5. Concluding Remarks

The inflammatory COX-derived prostanoids are increasingly being recognized as critical regulators for both immunity and immunological diseases. Substantial data clearly showed that prostanoid biosynthesis and signaling pathways are altered in these pathological processes. Pharmacological targeting of prostanoid biosynthesis and/or signaling with NSAIDs, COX-2 selective inhibitors, and EP receptor antagonists has been investigated for many years with promising results at both preventive and therapeutic levels. There are many fascinating accumulating data on the biology of inflammatory prostanoids in normal and pathological settings. Numerous studies reported that epigenetic control is an important mechanism by which COX/PGE2/EP receptor axis can be markedly modulated. Epigenetic modifications emerged as additional levels of complexity to the understanding of the regulation and functionalities of the COX pathway and prostanoid signaling in physiological and pathological settings. Investigating the epigenetic alterations that impact both COX enzymes and prostanoid receptors may inform on pathological events that characterize the immunomodulatory functions of these inflammatory lipid mediators in various immune disorders and may be relevant for the efficient clinical use of NSAIDs, COX-2 selective inhibitors, and EP receptor antagonists at both preventive and therapeutic levels. Thus, besides NSAIDs and EP receptor antagonists, epigenetic therapies, including DNA methyltransferase inhibitors and histone deacetylase inhibitors, should be considered in studying cellular proliferation and invasiveness in immune disorders and in the development of therapeutic approaches aimed at targeting inflammatory prostanoid biosynthesis and/or signaling.
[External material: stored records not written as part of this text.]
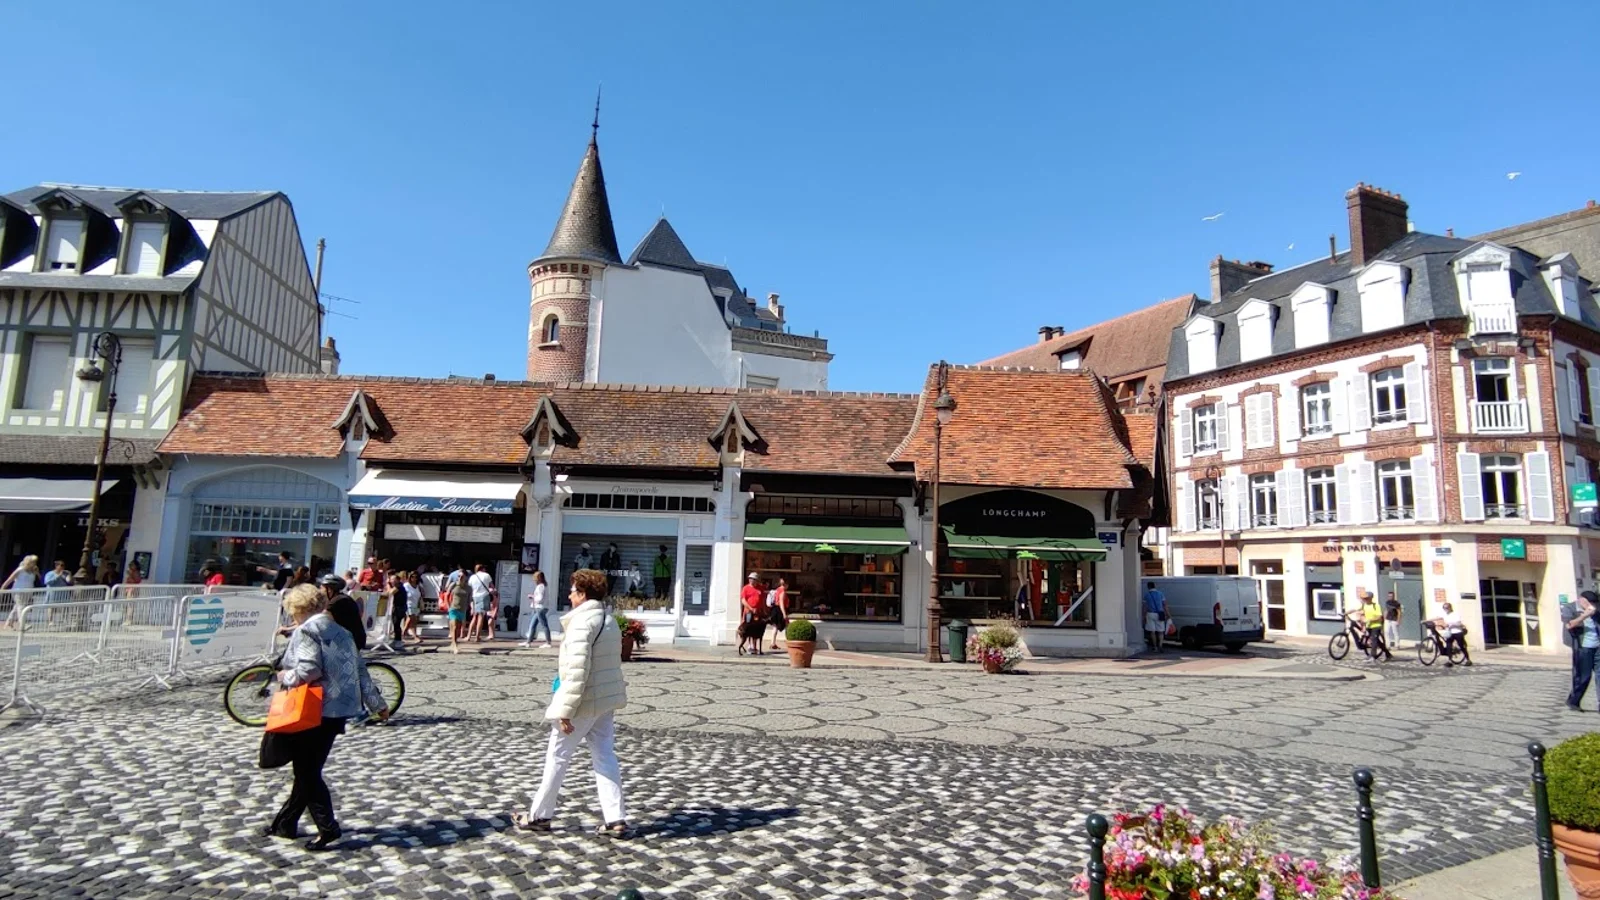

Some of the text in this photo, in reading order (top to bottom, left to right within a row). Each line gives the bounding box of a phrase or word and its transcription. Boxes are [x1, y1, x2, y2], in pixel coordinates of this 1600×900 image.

[432, 497, 493, 513] Lambert
[982, 508, 1046, 517] LONGCHAMP
[1322, 543, 1395, 553] BNP PARIBAS
[225, 610, 249, 619] entrez
[250, 610, 260, 618] en
[224, 619, 258, 630] piétonne
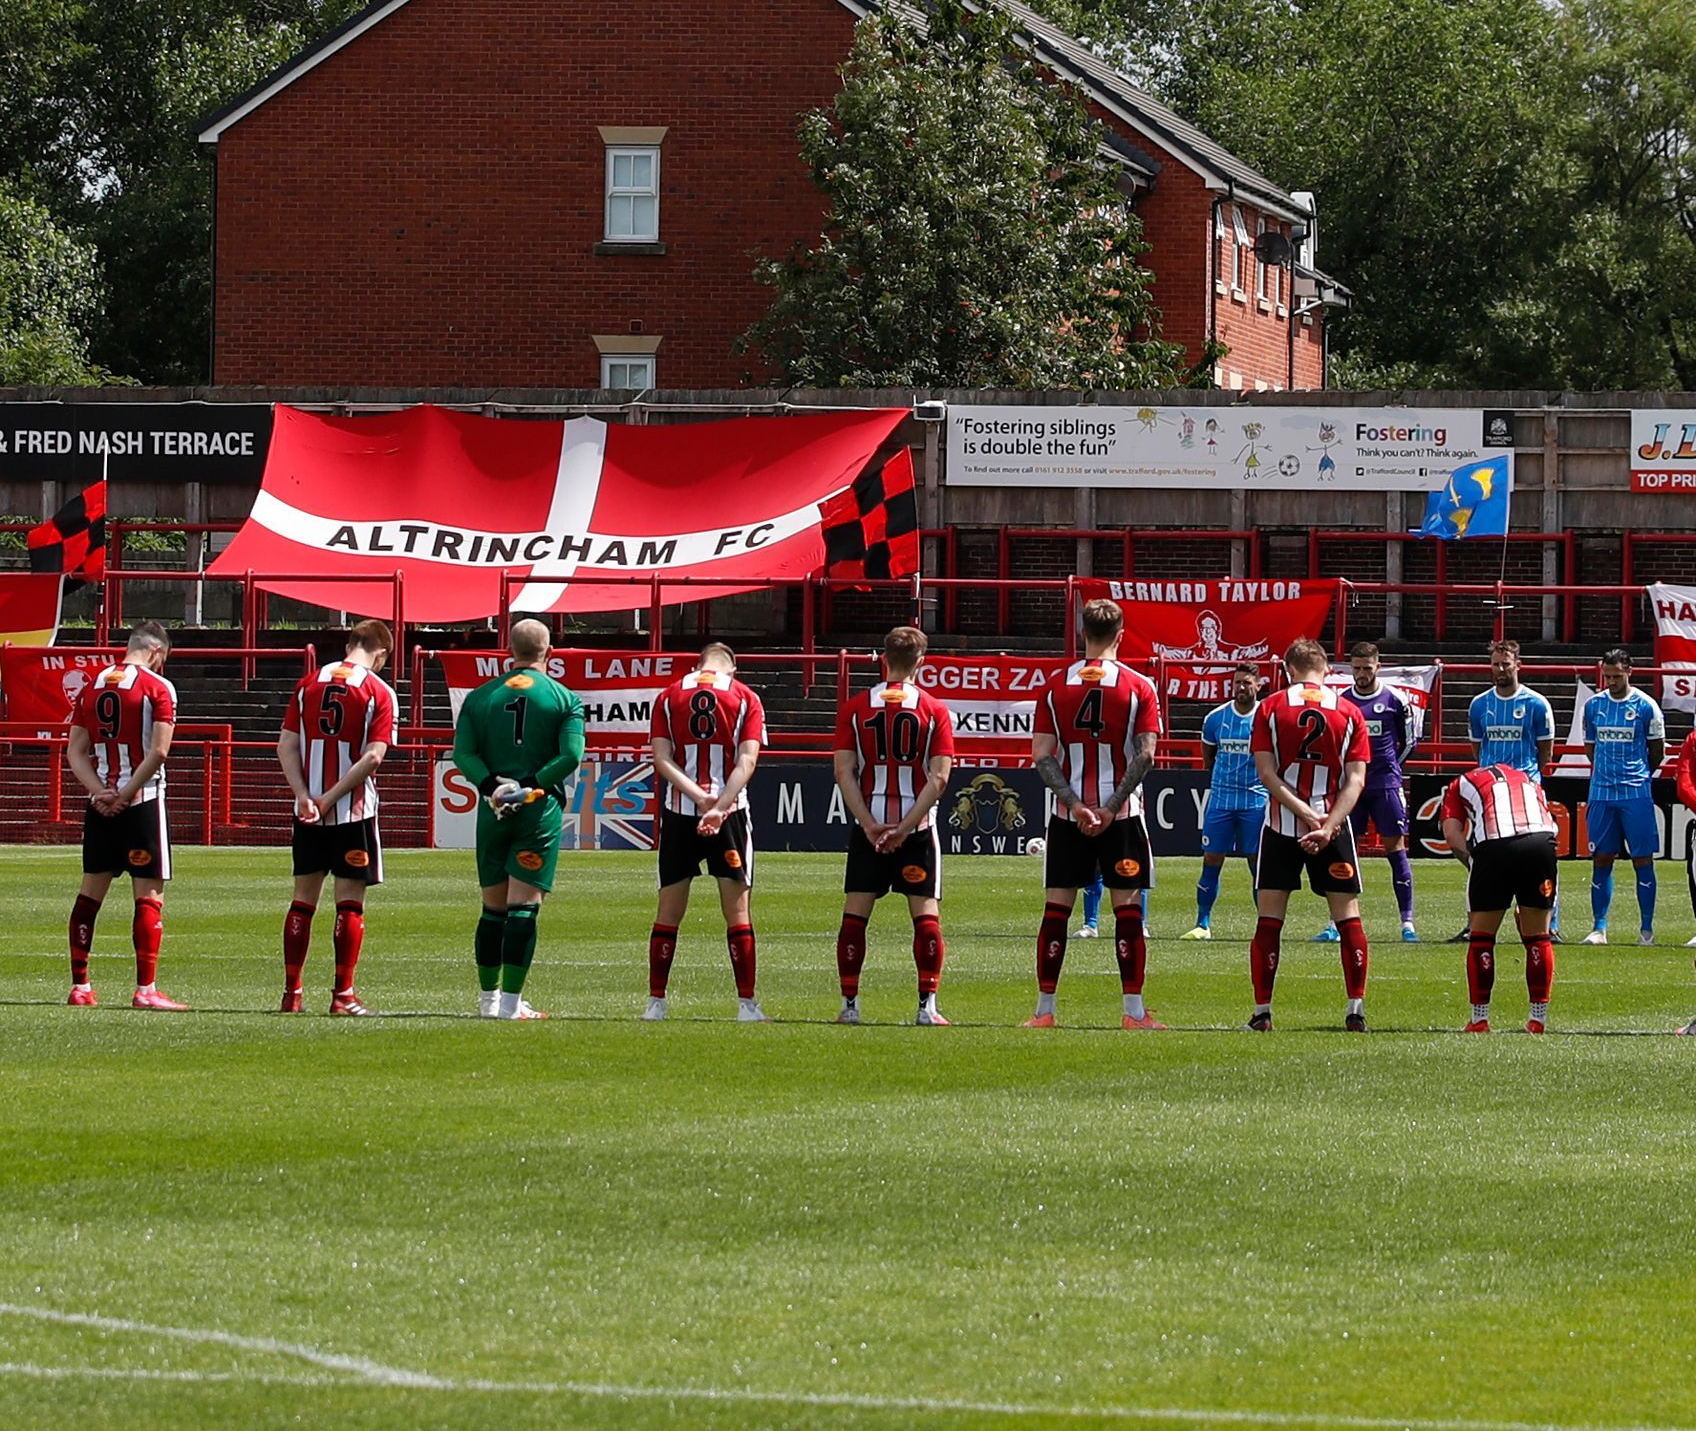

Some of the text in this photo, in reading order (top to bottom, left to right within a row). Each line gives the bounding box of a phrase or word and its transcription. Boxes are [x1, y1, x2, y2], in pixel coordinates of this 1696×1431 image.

Epigenetic regulations, especially alterations in DNA methylation, are intimately linked to the development of various human tumors. Because the cancer genome usually contains both hyper- and hypomethylated genes to increase invasion, proliferation, and metastasis, epigenetic control of inflammatory genes such as COX-2 should be taken into consideration as a potential therapeutic target in tumoral pathology. Thus, the epigenetic regulation of prostanoids is extremely interesting and deserves further investigations.

Conflict of Interests

There is no conflict of interests regarding the publication of this paper.